At a Product Owner Community of Practice event a few months ago I had a very interesting conversation with some great folks. We were discussing the topic of testing on an Agile team. During the discussion, someone mentioned a recent coder comment along the lines of, “I was hired as a developer, not a tester.”
Hell, I’ve heard this comment numerous times in my career! Agilists are crying. The DevOps folks are considering a jump! Call the police! Heresy!
I pointed out that as an “evil” Scrum master I would want to comment to this “developer” that, “what I am hearing is that you are a programmer, not a developer.” Now, we shouldn’t let our own emotions drive our behavior in this way so I wouldn’t recommend saying this to anyone. There are constructive ways to address bad philosophy and behavior in the system. Moving on from the shock and awe…
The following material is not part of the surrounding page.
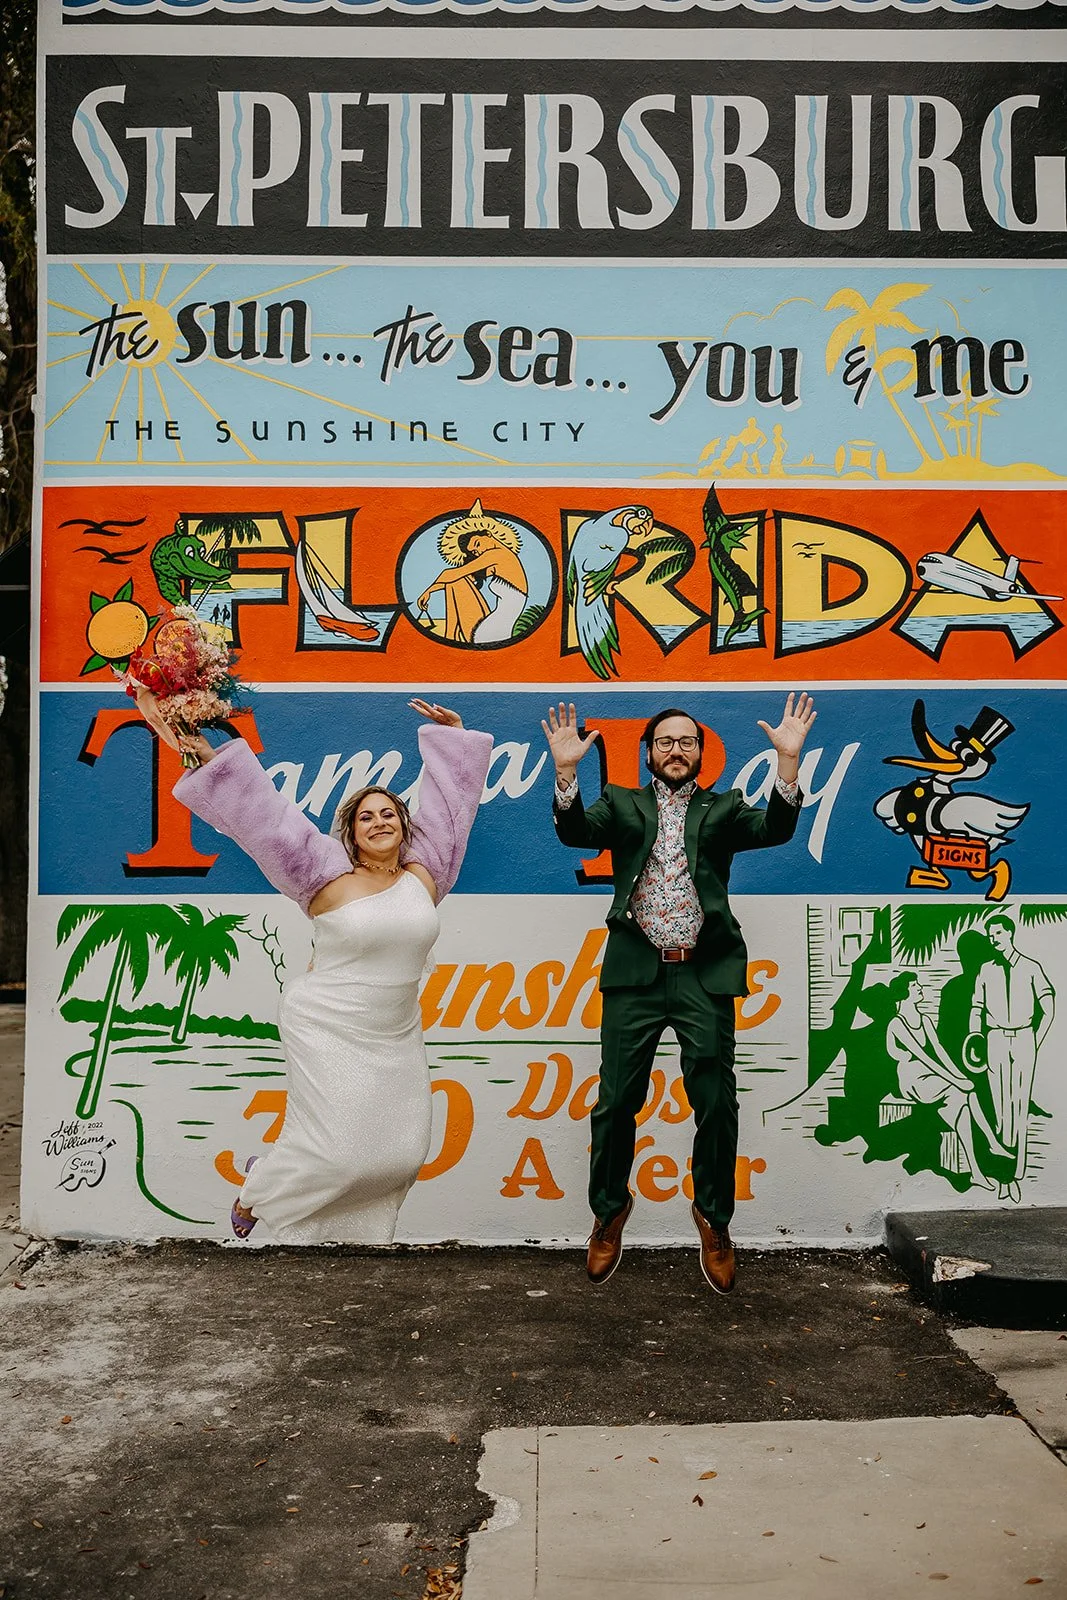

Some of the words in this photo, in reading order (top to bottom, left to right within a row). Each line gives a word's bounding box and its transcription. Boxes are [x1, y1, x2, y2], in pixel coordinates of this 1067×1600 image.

An attendee named Bob said, “Yes, we need to move away from acting like a ‘mob of programmers’ to behaving like a ‘community of software engineers.'” Wow! I was blown away by his observation. There is a ton to dissect in the expression! Now, this is not meant to disparage mob programming. Mob programming does not mean “MOB thinking” with regard to systems development.
As “Agilists” we teach the concepts of Extreme Programming (XP) amoung other bodies of knowledge/concepts. In XP, the concept of “shared or collective ownership” is perhaps one of hte most powerful aspects of what Agile could potentially deliver to an organization. We’ve all experienced the negative effects of silos or locked down domains within an organization that result in more grenade throwing than excellence in product development. I imagine the mentality of the “developer” that made that comment was trained through his or her experience with traditional waterfall systems development process and control based leadership. You know the story, “I completed the coding it’s not my problem that it doesn’t work in the solution because it worked on my desktop machine.”
If one were to step back, it seems crazy that this type of attitude could exist in a creative knowledge worker? Where are the pride and craftsmanship? The nature of every great coder that I have ever known/experienced was one where he or she would never submit code that wasn’t thoroughly tested at the unit and system levels, at a minimum. Great coders understand Systems Thinking.
I say “crash” because that is the best way to describe the train wreck the code will cause that is coded in a vacuum. Frequent integration or not, where there is complexity we should always err on the side of increased learning cycles. Organizational boundaries cause friction in the system too and when the problem of untested code is introduced across the interfaces between silos, a CRASH occurs.
Complex systems demand more than a programmer mindset. A collective mindset focused on improvement and Systems Thinking is necessary to build usable, valuable complex systems for the world.